====== RECORDS TO USE

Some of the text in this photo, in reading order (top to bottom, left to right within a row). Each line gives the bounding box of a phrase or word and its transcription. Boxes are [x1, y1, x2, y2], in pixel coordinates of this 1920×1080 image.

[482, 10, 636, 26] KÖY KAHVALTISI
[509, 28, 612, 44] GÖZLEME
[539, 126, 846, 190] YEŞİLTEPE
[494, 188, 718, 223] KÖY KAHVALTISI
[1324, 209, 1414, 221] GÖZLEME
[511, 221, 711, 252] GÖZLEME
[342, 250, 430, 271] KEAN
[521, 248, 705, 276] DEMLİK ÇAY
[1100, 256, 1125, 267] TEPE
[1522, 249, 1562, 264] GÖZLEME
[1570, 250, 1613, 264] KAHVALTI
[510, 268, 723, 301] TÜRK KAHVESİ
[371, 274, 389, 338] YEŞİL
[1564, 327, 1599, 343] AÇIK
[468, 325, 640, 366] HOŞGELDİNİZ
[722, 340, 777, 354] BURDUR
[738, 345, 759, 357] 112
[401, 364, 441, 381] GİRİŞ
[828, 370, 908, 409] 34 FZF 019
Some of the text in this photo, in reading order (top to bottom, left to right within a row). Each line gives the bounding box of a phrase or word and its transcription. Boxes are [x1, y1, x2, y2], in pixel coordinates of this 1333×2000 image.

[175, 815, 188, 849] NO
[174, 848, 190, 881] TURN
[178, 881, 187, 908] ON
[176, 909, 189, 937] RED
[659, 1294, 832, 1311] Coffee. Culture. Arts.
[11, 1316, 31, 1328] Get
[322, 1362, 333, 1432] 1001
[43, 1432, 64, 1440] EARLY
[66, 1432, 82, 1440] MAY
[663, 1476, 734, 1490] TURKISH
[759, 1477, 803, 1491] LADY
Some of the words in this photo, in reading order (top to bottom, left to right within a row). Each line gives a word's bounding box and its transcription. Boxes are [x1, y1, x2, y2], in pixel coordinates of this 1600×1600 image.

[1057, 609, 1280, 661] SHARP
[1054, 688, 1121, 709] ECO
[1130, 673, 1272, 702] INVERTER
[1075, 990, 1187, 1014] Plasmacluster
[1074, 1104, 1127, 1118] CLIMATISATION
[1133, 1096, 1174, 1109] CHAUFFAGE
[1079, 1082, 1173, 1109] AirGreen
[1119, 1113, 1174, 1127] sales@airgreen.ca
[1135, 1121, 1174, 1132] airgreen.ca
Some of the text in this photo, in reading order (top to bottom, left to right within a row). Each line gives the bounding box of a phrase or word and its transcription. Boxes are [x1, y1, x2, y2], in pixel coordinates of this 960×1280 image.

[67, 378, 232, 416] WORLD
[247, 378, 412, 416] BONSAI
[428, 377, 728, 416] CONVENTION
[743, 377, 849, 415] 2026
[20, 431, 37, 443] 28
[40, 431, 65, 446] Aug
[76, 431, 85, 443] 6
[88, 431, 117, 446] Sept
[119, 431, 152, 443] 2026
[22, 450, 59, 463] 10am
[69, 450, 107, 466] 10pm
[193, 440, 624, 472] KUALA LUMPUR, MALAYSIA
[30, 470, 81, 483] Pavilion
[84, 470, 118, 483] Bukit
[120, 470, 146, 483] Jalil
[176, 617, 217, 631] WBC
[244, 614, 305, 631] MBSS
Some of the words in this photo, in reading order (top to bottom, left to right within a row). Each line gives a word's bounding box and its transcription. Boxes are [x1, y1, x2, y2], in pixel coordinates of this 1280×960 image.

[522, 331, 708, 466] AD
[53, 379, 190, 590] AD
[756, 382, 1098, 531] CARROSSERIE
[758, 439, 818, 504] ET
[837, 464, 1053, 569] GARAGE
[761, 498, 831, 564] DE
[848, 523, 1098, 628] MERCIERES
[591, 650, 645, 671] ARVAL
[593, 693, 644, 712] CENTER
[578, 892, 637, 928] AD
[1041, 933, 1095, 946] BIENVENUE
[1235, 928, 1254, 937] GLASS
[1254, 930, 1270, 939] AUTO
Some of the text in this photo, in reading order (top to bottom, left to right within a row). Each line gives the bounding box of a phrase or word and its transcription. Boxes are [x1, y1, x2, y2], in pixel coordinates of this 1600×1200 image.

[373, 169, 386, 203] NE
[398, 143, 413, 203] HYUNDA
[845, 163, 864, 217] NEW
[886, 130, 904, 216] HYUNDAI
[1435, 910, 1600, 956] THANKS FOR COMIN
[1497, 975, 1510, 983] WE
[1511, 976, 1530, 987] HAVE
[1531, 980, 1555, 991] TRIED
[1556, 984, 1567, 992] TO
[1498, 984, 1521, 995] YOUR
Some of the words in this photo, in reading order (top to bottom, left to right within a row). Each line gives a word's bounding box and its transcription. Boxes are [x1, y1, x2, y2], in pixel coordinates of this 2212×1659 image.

============

### TASK PROMPT
Print the data in full. Match it exactly.

### TASK SOLUTION
Some of the text in this photo, in reading order (top to bottom, left to right within a row). Each line gives the bounding box of a phrase or word and its transcription. Boxes are [x1, y1, x2, y2], in pixel coordinates of this 1920×1080 image.

[482, 10, 636, 26] KÖY KAHVALTISI
[509, 28, 612, 44] GÖZLEME
[539, 126, 846, 190] YEŞİLTEPE
[494, 188, 718, 223] KÖY KAHVALTISI
[1324, 209, 1414, 221] GÖZLEME
[511, 221, 711, 252] GÖZLEME
[342, 250, 430, 271] KEAN
[521, 248, 705, 276] DEMLİK ÇAY
[1100, 256, 1125, 267] TEPE
[1522, 249, 1562, 264] GÖZLEME
[1570, 250, 1613, 264] KAHVALTI
[510, 268, 723, 301] TÜRK KAHVESİ
[371, 274, 389, 338] YEŞİL
[1564, 327, 1599, 343] AÇIK
[468, 325, 640, 366] HOŞGELDİNİZ
[722, 340, 777, 354] BURDUR
[738, 345, 759, 357] 112
[401, 364, 441, 381] GİRİŞ
[828, 370, 908, 409] 34 FZF 019
Some of the text in this photo, in reading order (top to bottom, left to right within a row). Each line gives the bounding box of a phrase or word and its transcription. Boxes are [x1, y1, x2, y2], in pixel coordinates of this 1333×2000 image.

[175, 815, 188, 849] NO
[174, 848, 190, 881] TURN
[178, 881, 187, 908] ON
[176, 909, 189, 937] RED
[659, 1294, 832, 1311] Coffee. Culture. Arts.
[11, 1316, 31, 1328] Get
[322, 1362, 333, 1432] 1001
[43, 1432, 64, 1440] EARLY
[66, 1432, 82, 1440] MAY
[663, 1476, 734, 1490] TURKISH
[759, 1477, 803, 1491] LADY
Some of the words in this photo, in reading order (top to bottom, left to right within a row). Each line gives a word's bounding box and its transcription. Boxes are [x1, y1, x2, y2], in pixel coordinates of this 1600×1600 image.

[1057, 609, 1280, 661] SHARP
[1054, 688, 1121, 709] ECO
[1130, 673, 1272, 702] INVERTER
[1075, 990, 1187, 1014] Plasmacluster
[1074, 1104, 1127, 1118] CLIMATISATION
[1133, 1096, 1174, 1109] CHAUFFAGE
[1079, 1082, 1173, 1109] AirGreen
[1119, 1113, 1174, 1127] sales@airgreen.ca
[1135, 1121, 1174, 1132] airgreen.ca
Some of the text in this photo, in reading order (top to bottom, left to right within a row). Each line gives the bounding box of a phrase or word and its transcription. Boxes are [x1, y1, x2, y2], in pixel coordinates of this 960×1280 image.

[67, 378, 232, 416] WORLD
[247, 378, 412, 416] BONSAI
[428, 377, 728, 416] CONVENTION
[743, 377, 849, 415] 2026
[20, 431, 37, 443] 28
[40, 431, 65, 446] Aug
[76, 431, 85, 443] 6
[88, 431, 117, 446] Sept
[119, 431, 152, 443] 2026
[22, 450, 59, 463] 10am
[69, 450, 107, 466] 10pm
[193, 440, 624, 472] KUALA LUMPUR, MALAYSIA
[30, 470, 81, 483] Pavilion
[84, 470, 118, 483] Bukit
[120, 470, 146, 483] Jalil
[176, 617, 217, 631] WBC
[244, 614, 305, 631] MBSS
Some of the words in this photo, in reading order (top to bottom, left to right within a row). Each line gives a word's bounding box and its transcription. Boxes are [x1, y1, x2, y2], in pixel coordinates of this 1280×960 image.

[522, 331, 708, 466] AD
[53, 379, 190, 590] AD
[756, 382, 1098, 531] CARROSSERIE
[758, 439, 818, 504] ET
[837, 464, 1053, 569] GARAGE
[761, 498, 831, 564] DE
[848, 523, 1098, 628] MERCIERES
[591, 650, 645, 671] ARVAL
[593, 693, 644, 712] CENTER
[578, 892, 637, 928] AD
[1041, 933, 1095, 946] BIENVENUE
[1235, 928, 1254, 937] GLASS
[1254, 930, 1270, 939] AUTO
Some of the text in this photo, in reading order (top to bottom, left to right within a row). Each line gives the bounding box of a phrase or word and its transcription. Boxes are [x1, y1, x2, y2], in pixel coordinates of this 1600×1200 image.

[373, 169, 386, 203] NE
[398, 143, 413, 203] HYUNDA
[845, 163, 864, 217] NEW
[886, 130, 904, 216] HYUNDAI
[1435, 910, 1600, 956] THANKS FOR COMIN
[1497, 975, 1510, 983] WE
[1511, 976, 1530, 987] HAVE
[1531, 980, 1555, 991] TRIED
[1556, 984, 1567, 992] TO
[1498, 984, 1521, 995] YOUR
Some of the words in this photo, in reading order (top to bottom, left to right within a row). Each line gives a word's bounding box and its transcription. Boxes are [x1, y1, x2, y2], in pixel coordinates of this 2212×1659 image.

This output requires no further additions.